転職先では、社員になる話もあったという。しかし店長になるのに10年はかかる。同じ10年を使うのであれば、ポテンシャルのある黒田の「焼き麺スタンド」にしてみようと思った。

飲食店主を悩ませる「2店舗目の壁」を超えたワケ

なぜ黒田は彼に1号店を任せる決断を下せたのだろうか。

評価が高かったのが、飲食店での豊富な経験だ。新しく採用した粕谷は、物覚えが早くてセンスがいい。接客サービスから厨房のオペレーション、衛生面まであらゆることに通じている。マクドナルドのマネジャーとして、多くの修羅場をくぐり抜けてきた経験が頼もしい。

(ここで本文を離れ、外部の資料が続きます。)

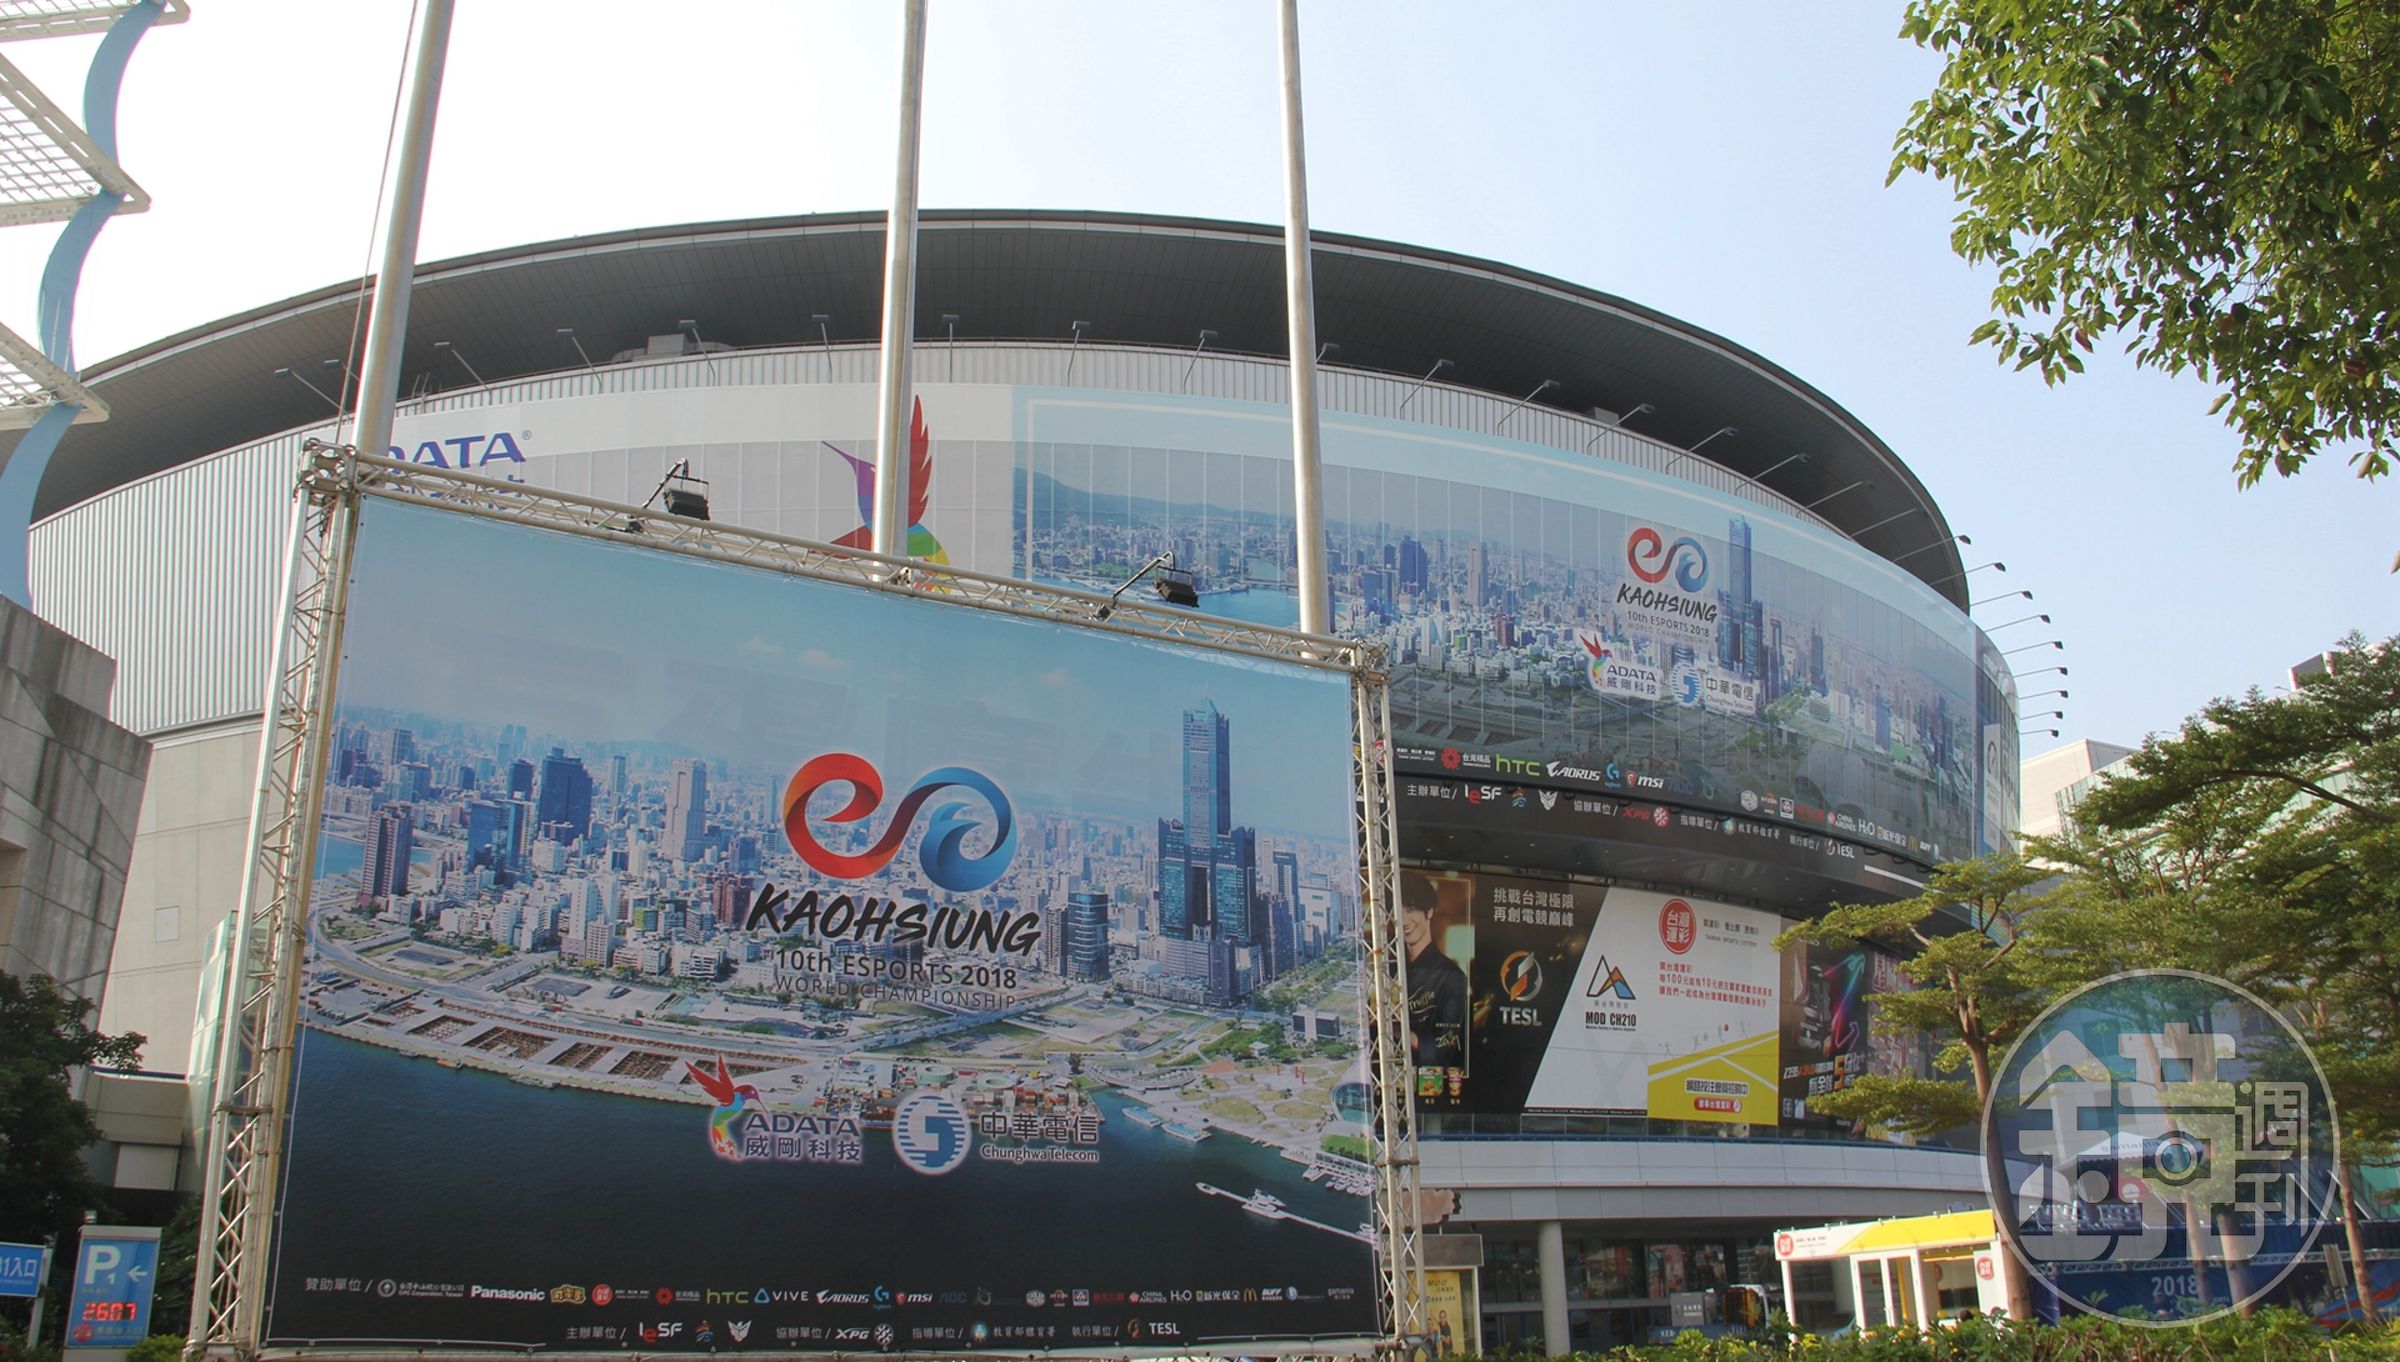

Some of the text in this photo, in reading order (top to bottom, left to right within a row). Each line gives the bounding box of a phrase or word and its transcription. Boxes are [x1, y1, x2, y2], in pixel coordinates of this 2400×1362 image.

[1617, 583, 1718, 624] KAOHSIUNG
[1627, 611, 1710, 638] 10th ESPORTS 2018
[1607, 664, 1656, 682] ADATA
[1706, 677, 1754, 702] 中華電信
[1496, 754, 1540, 777] htc
[1637, 775, 1665, 790] msi
[1494, 887, 1575, 909] 挑戰台灣極限
[745, 883, 1042, 957] KAOHSIUNG
[1667, 911, 1689, 927] 台灣
[775, 950, 1017, 989] 10th ESPORTS 2018
[775, 974, 1016, 1009] WORLD CHAMPIONSHIP
[1500, 1006, 1542, 1027] TESL
[1585, 1011, 1637, 1027] MOD CH210
[745, 1113, 861, 1137] ADATA
[980, 1113, 1099, 1142] 中華電信
[744, 1137, 861, 1161] 威剛科技
[981, 1145, 1099, 1162] Chunghwa Telecom
[471, 1284, 546, 1301] Panasonic
[706, 1288, 749, 1304] htc
[772, 1291, 808, 1301] VIVE
[2151, 1274, 2198, 1297] 2018
[907, 1292, 933, 1303] msi
[81, 1302, 137, 1321] 2607
[835, 1327, 871, 1340] XPG
[1149, 1322, 1180, 1336] TESL

「飲食店の経験が長いだけあって、たくさん貴重な意見をもらってますよ」
「どんなことをいわれたの?」
「細かい店舗運営のスキルから、アルバイトの使い方まで幅広くです。一番貴重なのは、アルバイトの学生がどんなことを感じているか代弁してくれることですかね」
「例えば?」
「アルバイトが困るのは、いろんな人から違うことをいわれることなんです。うちのように新しい会社には完成した育成のシステムがないので、アルバイトがやり方に迷うことがあるみたいなんです。ぼくが忙しくしてるとスタッフの些細な迷いに気付かなくなりがちで、あらためて指摘してくれるのは本当に助かります」

誰でも作ることのできる再現性を重視する黒田にとって、アルバイトの確保は重要な問題だ。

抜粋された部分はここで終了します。